Pierre Bourdieu, à la fin des années 90, se lance dans une analyse exhaustive des mécanismes de domination entre les sexes, ou comment l'homme à travers l'histoire a légitimé sa supériorité (qu'elle soit symbolique, sociale, ou dans les rapports amicaux, de travail, amoureux...) sur la femme.
La domination masculine s'exerce de façon inconsciente, il faut bien s'en rendre compte pour sortir de ses schèmes préétablis par la société patriarcale.
L'intelligence est dévolue au sexe masculin, il ne reste pour le sexe féminin que les émotions ou l'intuition.
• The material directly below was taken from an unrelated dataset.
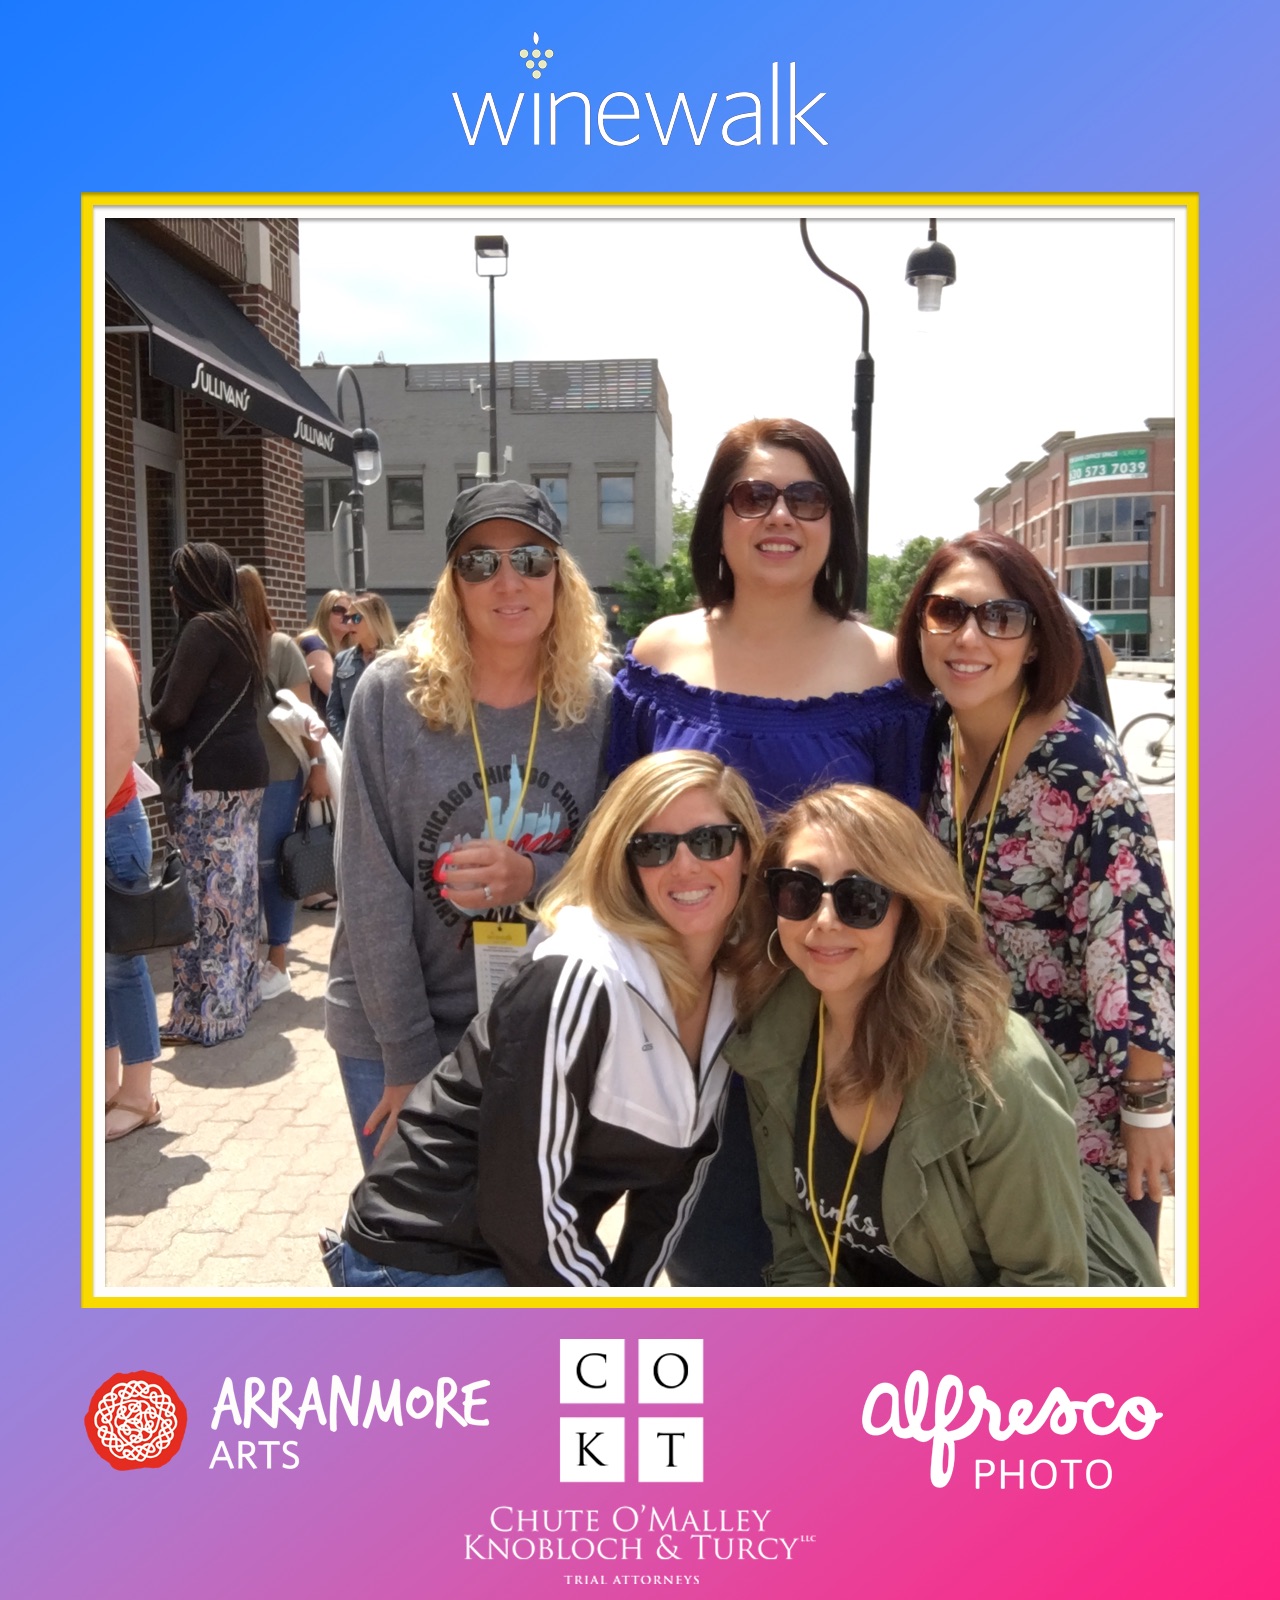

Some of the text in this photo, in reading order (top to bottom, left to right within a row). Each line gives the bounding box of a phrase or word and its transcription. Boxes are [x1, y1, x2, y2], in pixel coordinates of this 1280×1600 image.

Par exemple, lorsque
Hannah Arendt fit publier son essai sur le procès de Heichman, beaucoup lui reprochèrent son manque de chaleur et d'émotion, refusant par-là même à une femme le droit à l'analyse intellectuelle. Selon la société, les femmes doivent restées cantonnées aux rôles qu'on leur a attribué, c'est-à-dire en tant que ménagères, cuisinières, objets symboliques ou comme procréatrices afin de perpétuer la lignée filiale. Elles sont pour cette raison « exclues de tous les lieux publics, assemblée, marché, où se jouent les jeux ordinairement considérés comme les plus sérieux de l'existence humaine. »
Les hommes, en revanche, se trouvent prisonniers de cette domination car ils doivent en toute circonstance affirmer leur virilité face à leurs congénères par des jeux stupides, souvent violents, allant parfois jusqu'à mettre leur vie en péril afin de prouver qu'ils ne sont pas des « mauviettes » ou des « femmelettes ».
L'éducation a joué et joue toujours un rôle certain dans le maintien de cette domination, notamment par la famille, l'Église et l'École. Pour la famille, il n'y a qu'à fréquenter les magasins de jouets pour enfants pour s'en rendre compte par soi-même. Entre la caisse-enregistreuse, la table et le fer à repasser et les ustensiles de cuisine pour jouer à la dînette, le choix est vite restreint. L'École est aujourd'hui le deuxième facteur important dans ce conditionnement parce que les enseignants auront tendance à encourager les filles à davantage s'engager dans certaines filières que d'autres. L'Église a longtemps joué un rôle de connivence avec l'École ou est-ce l'inverse.
Ce qui a changé aujourd'hui, c'est surtout que
la domination masculine ne s'exerce plus de façon aussi claire et directe qu'autrefois. Certaines caractéristiques demeurent : les hommes préfèrent les femmes plus petites de taille qu'eux ou encore lorsqu'une femme vient d'obtenir son permis, vous pouvez être sûr qu'il y aura une personne pour lui conseiller de commencer par conduire une petite voiture. C'est par ce genre de petits détails que la domination se perpétue malgré nous sans même que l'on s'en rende compte. Il y a tout de même, de nos jours, plus de femmes qui accèdent à l'enseignement supérieur bien qu'énormément d'inégalités subsistent encore.
Comme à son habitude, le sociologue s'exprime dans un jargon peu accessible. Ce qui le coupe d'emblée d'une partie de son lectorat potentiel, c'est-à-dire ceux qui seraient susceptibles d'être intéressés par le sujet mais qui ne possèdent pas le vocabulaire adéquat pour tout comprendre.
C'est là tout le paradoxe de Bourdieu. C'est un livre vraiment très bien pensé et documenté que tout le monde devrait lire.